The Churchill Downs Problem
The Laurel delay would be concerning on its own. It becomes more concerning when you place it in the context of what has happened to Maryland’s racing investment thesis over the past several months.
Moore’s administration built the case for public investment in Maryland’s racing infrastructure on a coherent premise: the state owns the venues, the Preakness is a marquee national event, a modern rebuilt Pimlico anchors Baltimore’s Park Heights community, and year-round racing at a state-owned Laurel creates an economic engine that justifies the public dollars.
That premise had a quiet assumption baked into it: that the Preakness was Maryland’s to steward.
Then Churchill Downs Incorporated paid $85 million to 1/ST Racing for the intellectual property rights to the Preakness Stakes — the name, the trademark, the brand. Everything that makes the race worth housing. Moore’s office indicated the administration learned about the deal when the public did. Maryland went from being the steward of a 154-year-old race to being a landlord paying annual licensing fees to a Kentucky corporation for the right to use that race’s name at a building Maryland owns.
If Moore had known CDI was going to buy the Preakness IP before he committed to the Laurel purchase, it is a reasonable question whether the deal would have looked the same. The investment thesis depends on Maryland having meaningful leverage over its own racing future. That leverage is significantly diminished when the brand value of the Preakness belongs to Churchill Downs.
The Skip Problem
Compounding all of it: Golden Tempo, the 2026 Kentucky Derby winner, announced this week that he will bypass the Preakness Stakes. It is the third time in five years that a Derby winner’s connections have made that decision.
Churchill Downs owns the Derby. Churchill Downs now owns the Preakness. Churchill Downs profits when Derby winners remain healthy and go on to successful breeding careers. The company that controls both races has structural financial incentives that do not necessarily align with Maryland’s interest in having a Derby winner in the Preakness gate every May.
Maryland has no seat at that table. It has a building and a licensing agreement.
The Question Moore Hasn’t Answered
The 45-day Laurel delay is being framed as due diligence. Maybe it is. Reviewing the finances of a $48.5 million purchase before finalizing it is not inherently a red flag.

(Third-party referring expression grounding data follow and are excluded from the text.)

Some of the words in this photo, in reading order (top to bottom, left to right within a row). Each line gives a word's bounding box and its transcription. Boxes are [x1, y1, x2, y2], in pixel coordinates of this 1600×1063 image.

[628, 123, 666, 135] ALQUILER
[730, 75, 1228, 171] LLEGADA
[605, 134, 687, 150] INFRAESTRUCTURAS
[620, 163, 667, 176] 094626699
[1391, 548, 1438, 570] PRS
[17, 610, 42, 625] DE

But the state’s track record with racing infrastructure announcements, the CDI acquisition that restructured Maryland’s leverage position, the ongoing pattern of Derby winners skipping the race Maryland is spending $400 million to house, and now a pause on the deal Moore announced as a win two weeks ago — taken together, these are not the signals of an investment that is going according to plan.

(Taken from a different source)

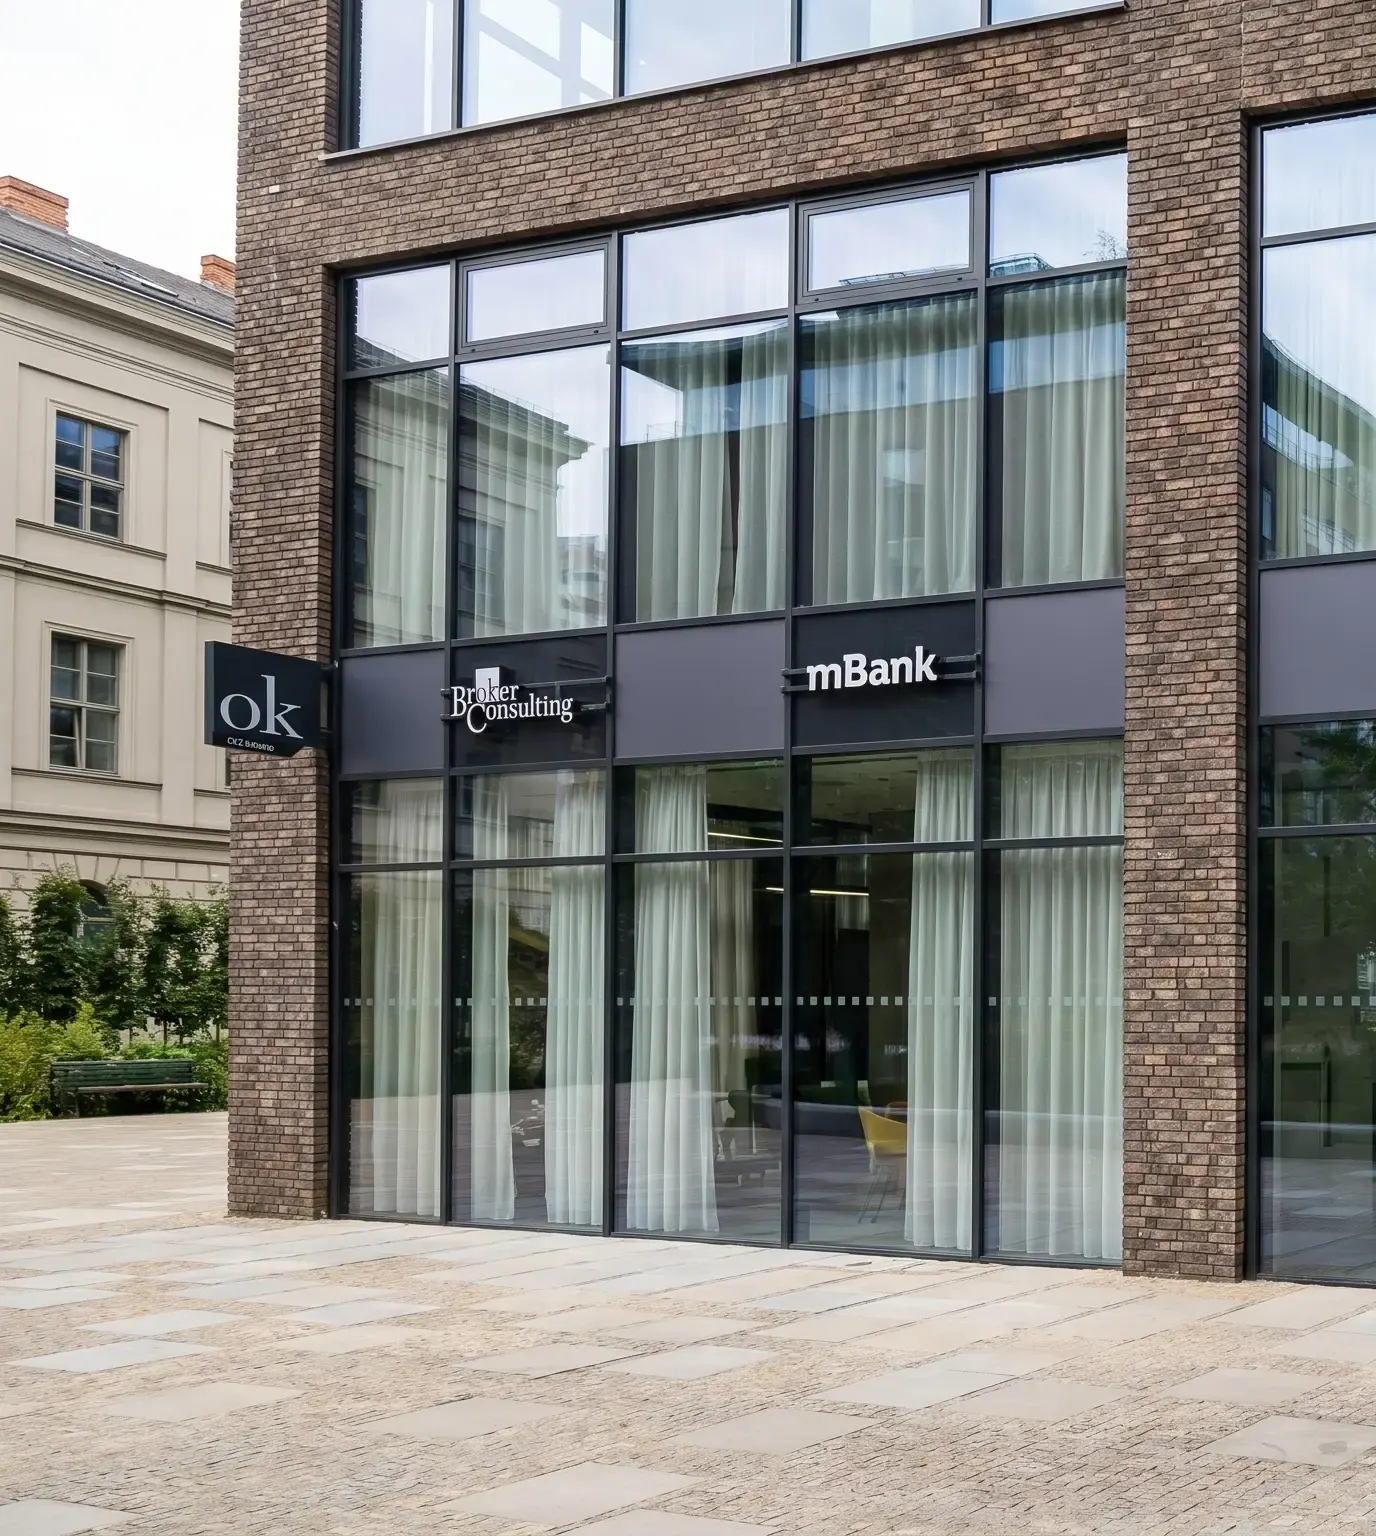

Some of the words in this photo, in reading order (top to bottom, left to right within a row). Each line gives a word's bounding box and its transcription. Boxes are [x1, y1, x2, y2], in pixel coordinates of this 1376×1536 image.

[806, 645, 938, 691] mBank
[220, 674, 304, 739] ok
[450, 677, 519, 717] Broker
[466, 693, 574, 734] Consulting

The question Wes Moore owes Maryland taxpayers is not whether he is reviewing the Laurel finances. It is whether the overall investment thesis — the one that justified $400 million in public bonds for Pimlico — still holds, given everything that has changed since that commitment was made.
Maryland bought into a vision. Churchill Downs bought the vision’s most valuable asset. And now the state is pausing to check the math on a deal it already announced.

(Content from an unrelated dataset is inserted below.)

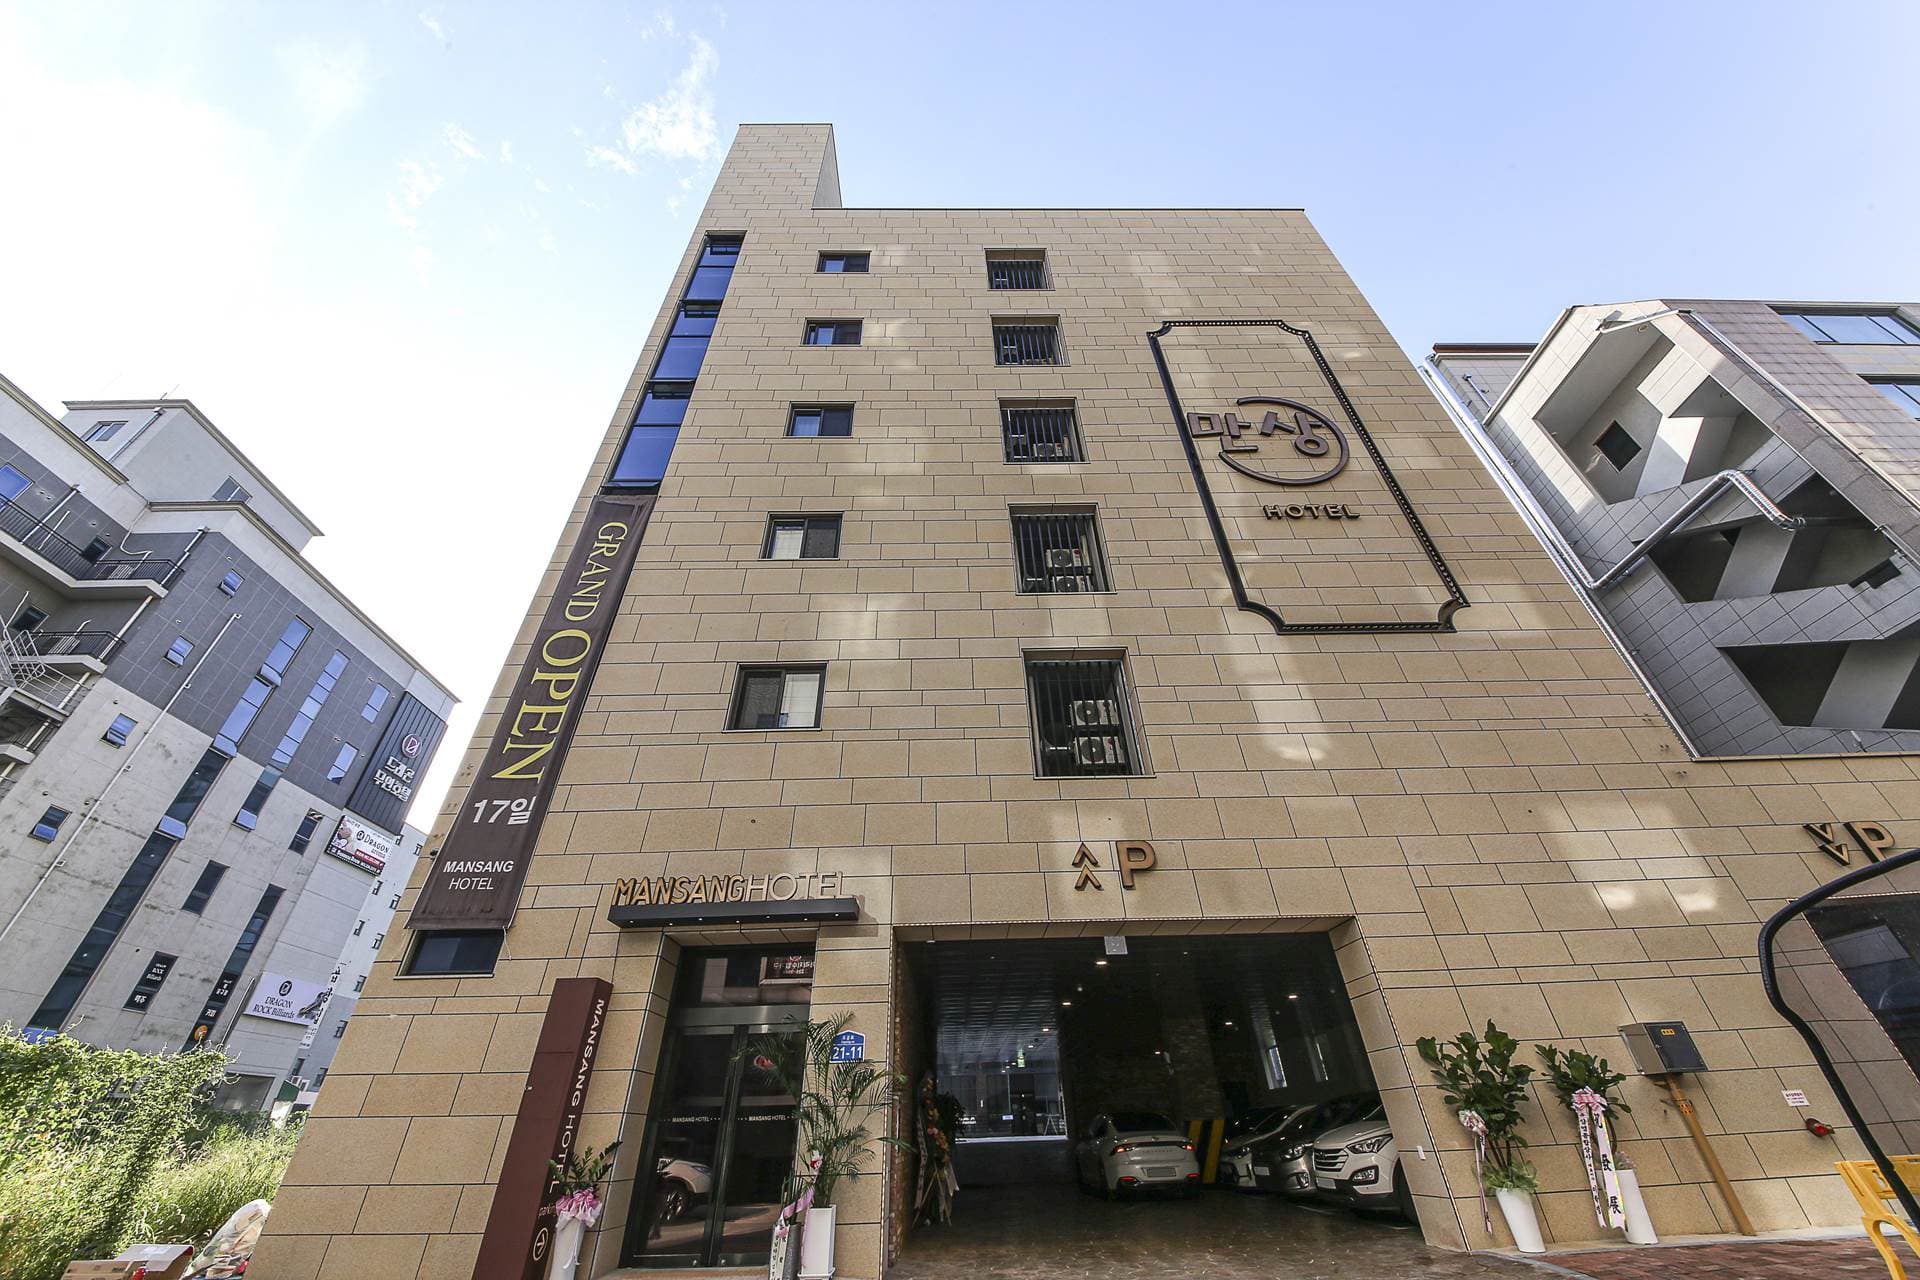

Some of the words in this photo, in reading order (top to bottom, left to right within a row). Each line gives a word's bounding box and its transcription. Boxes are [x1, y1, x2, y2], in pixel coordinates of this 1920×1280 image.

That’s buyer’s remorse. The only question is whether anyone in Annapolis is willing to say so out loud.
Maryland on the Map is an ongoing MDBayNews series on the state’s sporting economy and public investment in major events.
Sources: on3.com; Cherie DeVaux Racing official statement; Churchill Downs Incorporated; Maryland Stadium Authority; Maryland Thoroughbred Racetrack Operating Authority; prior MDBayNews Maryland on the Map series reporting.